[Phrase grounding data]
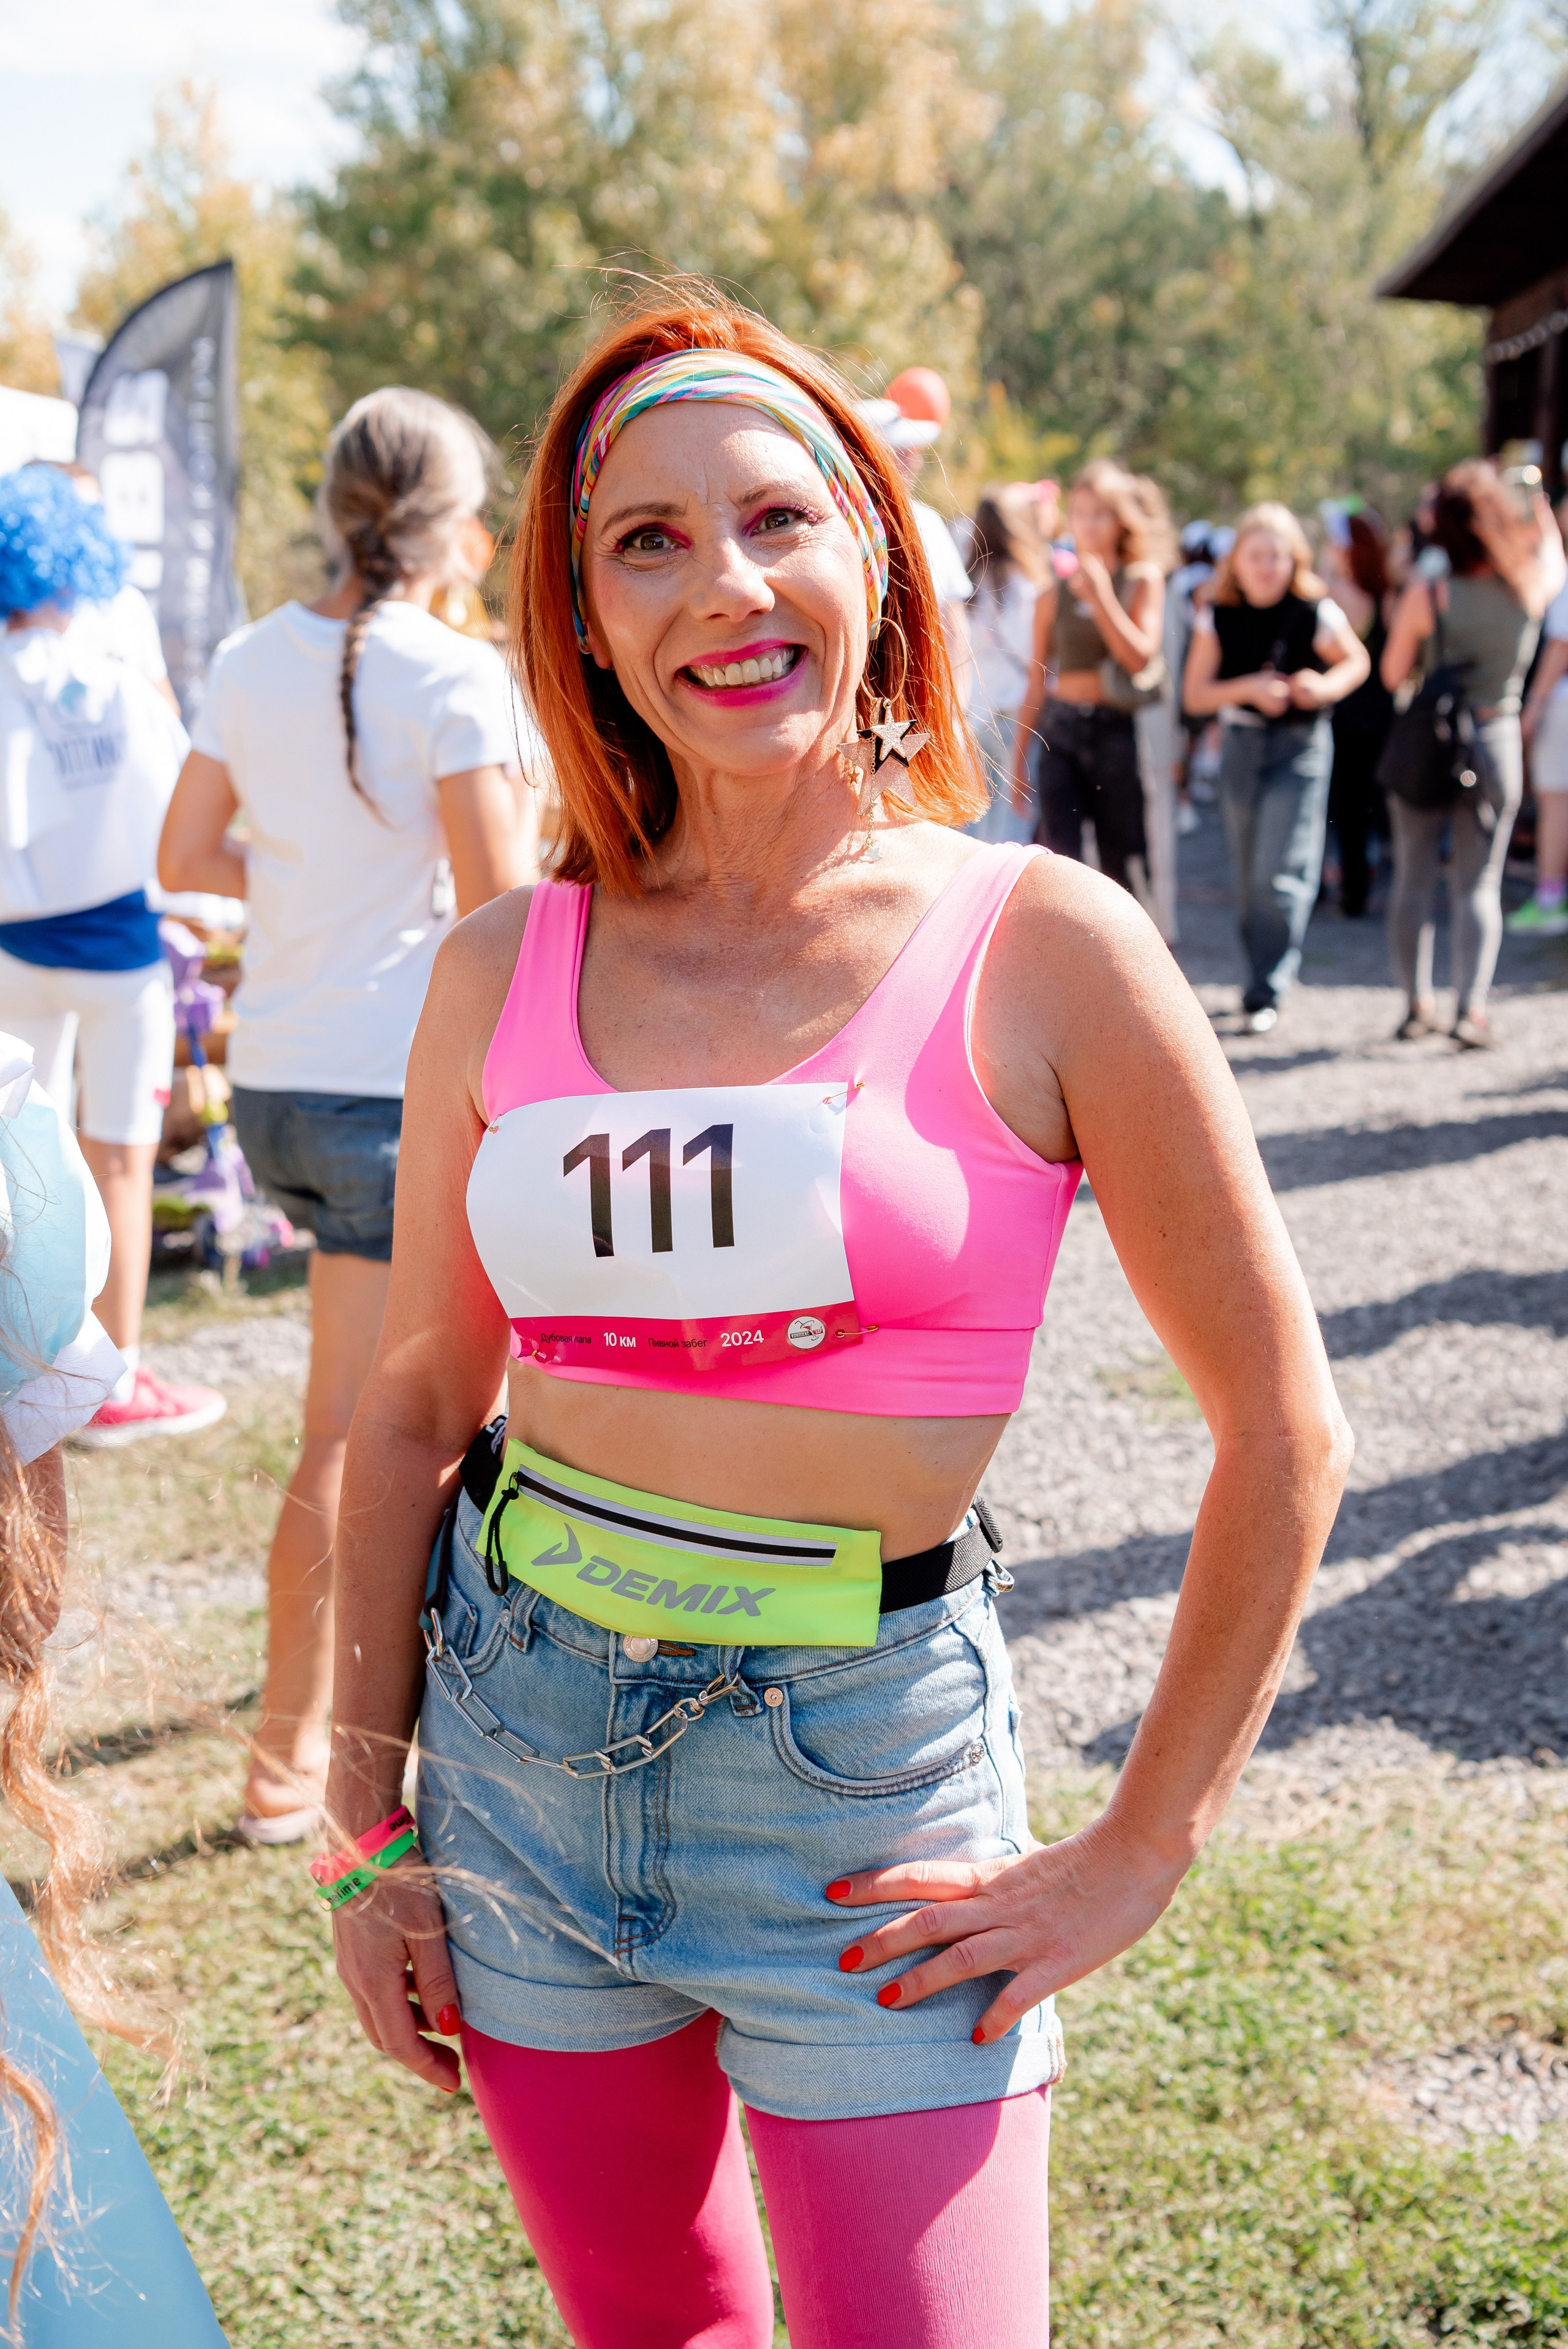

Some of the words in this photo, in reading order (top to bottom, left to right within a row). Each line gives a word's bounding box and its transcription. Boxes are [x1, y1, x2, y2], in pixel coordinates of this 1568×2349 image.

[563, 1123, 735, 1257] 111
[541, 1333, 573, 1344] Дубовая
[574, 1335, 592, 1344] лапа
[603, 1332, 617, 1346] 10
[648, 1338, 679, 1348] Пивной
[681, 1338, 707, 1348] забег
[720, 1330, 764, 1347] 2024
[576, 1556, 776, 1617] DEMIX

*Task to carry out:* Can the entries above be repeated exactly, without their pictures?

*Solution to the exercise:*
Some of the words in this photo, in reading order (top to bottom, left to right within a row). Each line gives a word's bounding box and its transcription. Boxes are [x1, y1, x2, y2], in pixel coordinates of this 1568×2349 image.

[563, 1123, 735, 1257] 111
[541, 1333, 573, 1344] Дубовая
[574, 1335, 592, 1344] лапа
[603, 1332, 617, 1346] 10
[648, 1338, 679, 1348] Пивной
[681, 1338, 707, 1348] забег
[720, 1330, 764, 1347] 2024
[576, 1556, 776, 1617] DEMIX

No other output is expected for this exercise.